Graph Connectivity Oracle
Decide graph connectivity through a hidden cut-neighborhood oracle.
Graph Connectivity Oracle
You interact with a hidden undirected simple graph on n vertices. You must decide whether the graph is connected.
For a chosen subset S, the judge returns |N(S) \\ S|, the number of vertices outside S that have at least one edge to a vertex in S.
Session
The evaluator starts each Frontier-CS source session by writing an integer T. For each test case it then writes n. Public validation uses one small graph; official evaluation may run several private source sessions back to back. After the last session the evaluator writes terminal 0 and then closes stdout. Treat EOF as successful session termination too.
Source Wire Format
The original interactor has a token-level parsing quirk. It reads a whole operation as one token, then consumes the subset bits starting at character index 2. To preserve source behavior, write query tokens in this form:
?#0101
The first character is ?, the second character is ignored by the source interactor, and the next n characters are the binary subset indicator. Any separator character can be used in position 1; # is recommended.
The evaluator replies with one integer, the value of |N(S) \\ S|.

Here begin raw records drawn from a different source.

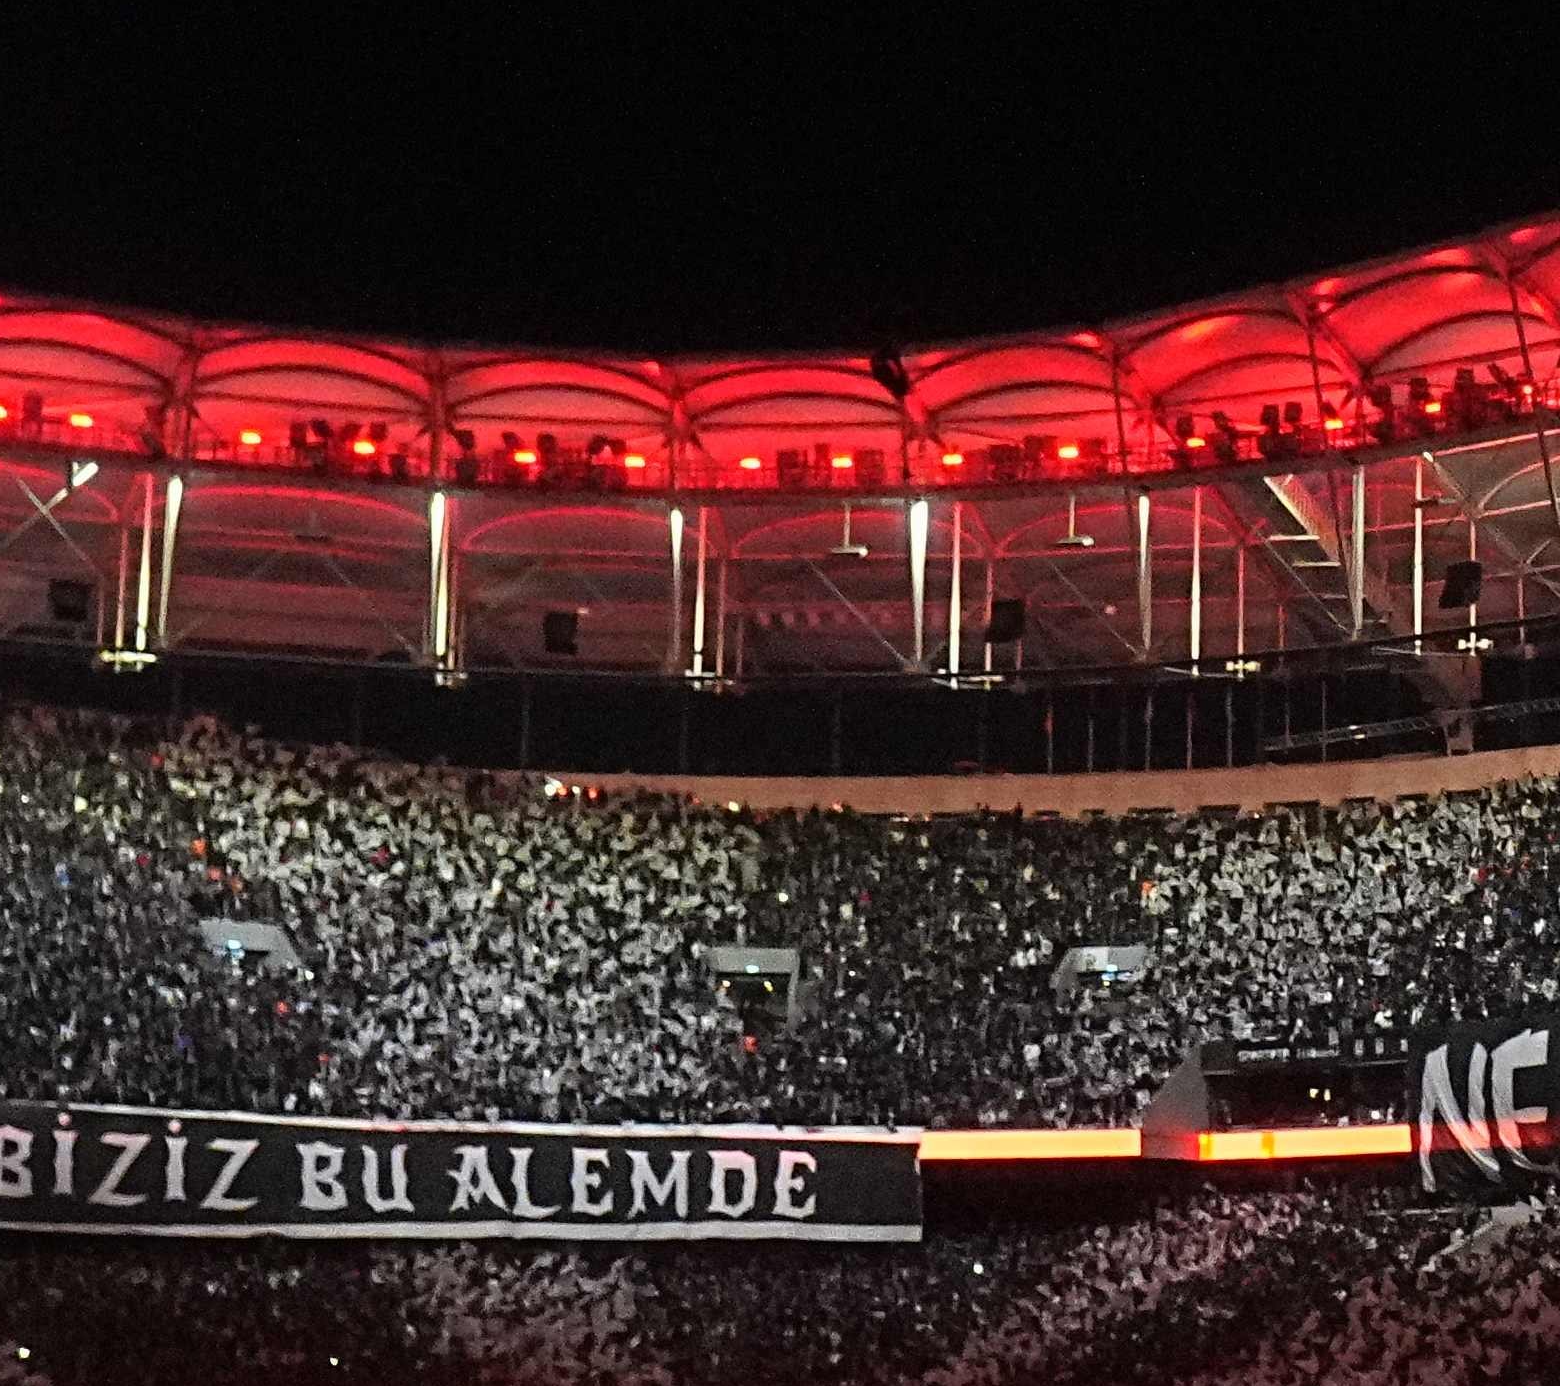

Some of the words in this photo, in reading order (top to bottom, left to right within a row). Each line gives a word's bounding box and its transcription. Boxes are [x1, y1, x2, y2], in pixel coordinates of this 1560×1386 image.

[1419, 1027, 1560, 1194] NE
[295, 1139, 415, 1214] BU
[447, 1143, 819, 1219] ALEMDE
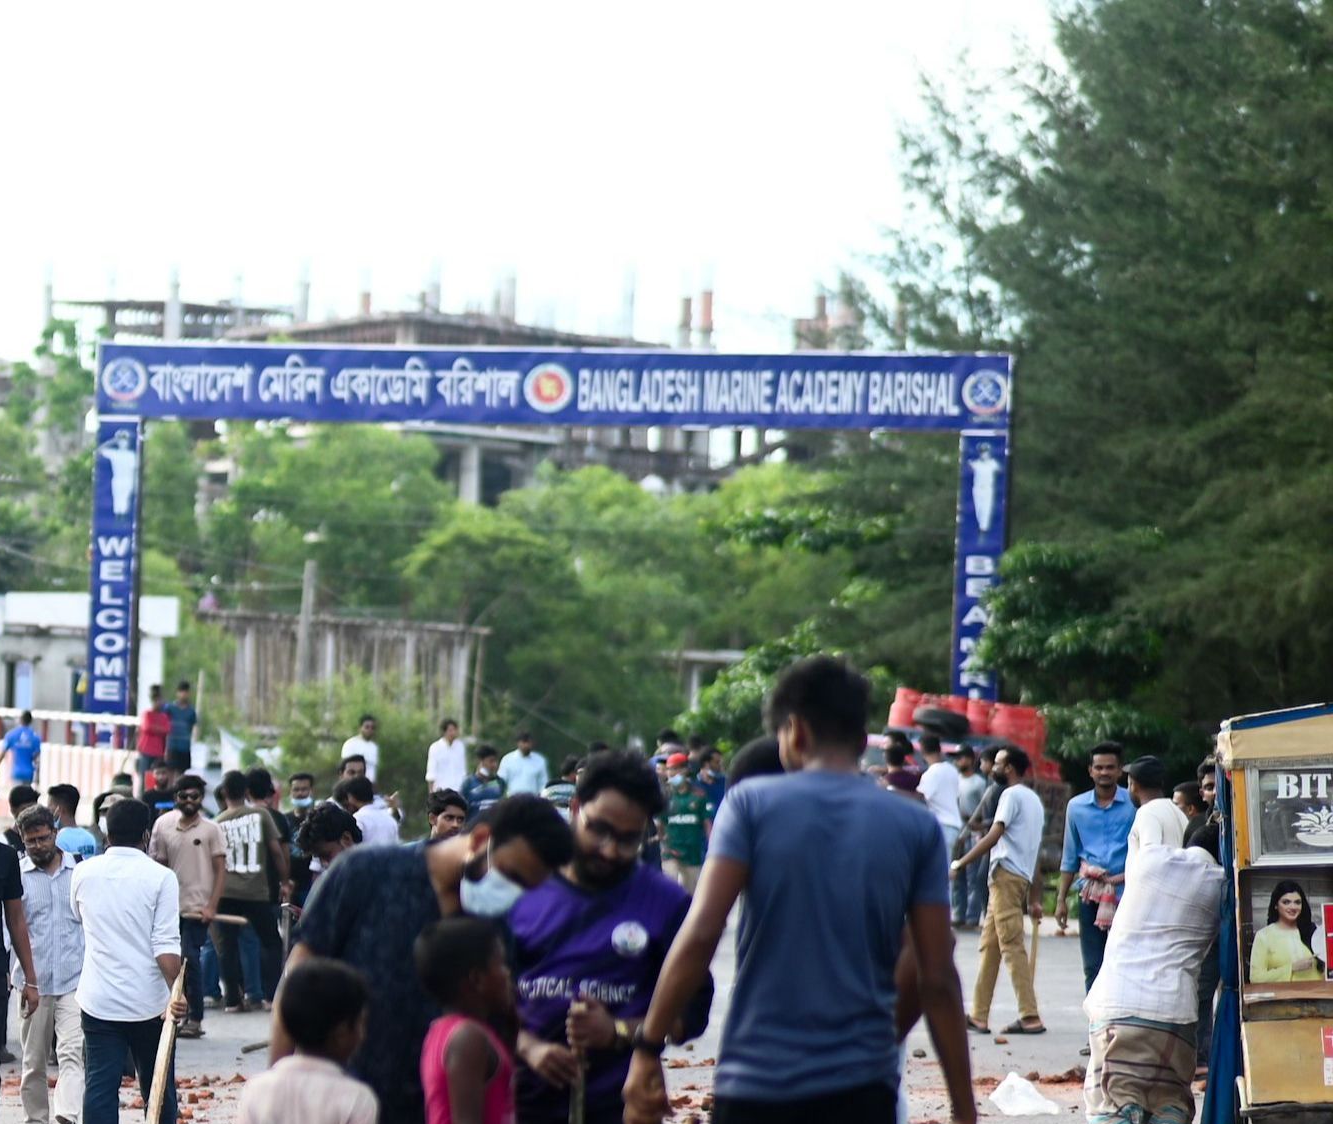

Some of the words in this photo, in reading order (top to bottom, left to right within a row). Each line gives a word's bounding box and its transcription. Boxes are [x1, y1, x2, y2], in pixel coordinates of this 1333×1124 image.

[148, 361, 254, 404] বাংলাদেশ
[258, 353, 327, 404] মেরিন
[330, 355, 433, 407] একাডেমি
[435, 356, 522, 409] বরিশাল
[576, 368, 701, 413] BANGLADESH
[703, 369, 773, 415] MARINE
[775, 370, 868, 416] ACADEMY
[868, 371, 961, 418] BARISHAL
[93, 536, 130, 702] WELCOME

To answer the current case, write one token:
!#1
Use 1 if the graph is connected and 0 otherwise. The first character is !, the second character is ignored, and character index 2 is parsed as the answer.
Limits And Scoring
The source interactor allows at most 3500 operations per test case. It increments the counter before both query and final-answer parsing, exactly as the shipped source does.
For each source case, best_score = n * max(1, floor(log2(n))), and the raw score is:
(3500 - operations) / (3500 - best_score)
The source clamps the public ratio at 1.0 when aggregating cases and reports the average over the source session. Agentics scales that ratio to the public score metric from 0 to 100.
Malformed tokens, invalid subset characters, too many operations, EOF before a final answer, or a wrong connectivity judgement are protocol failures. The trusted evaluator owns hidden graphs and writes result.json.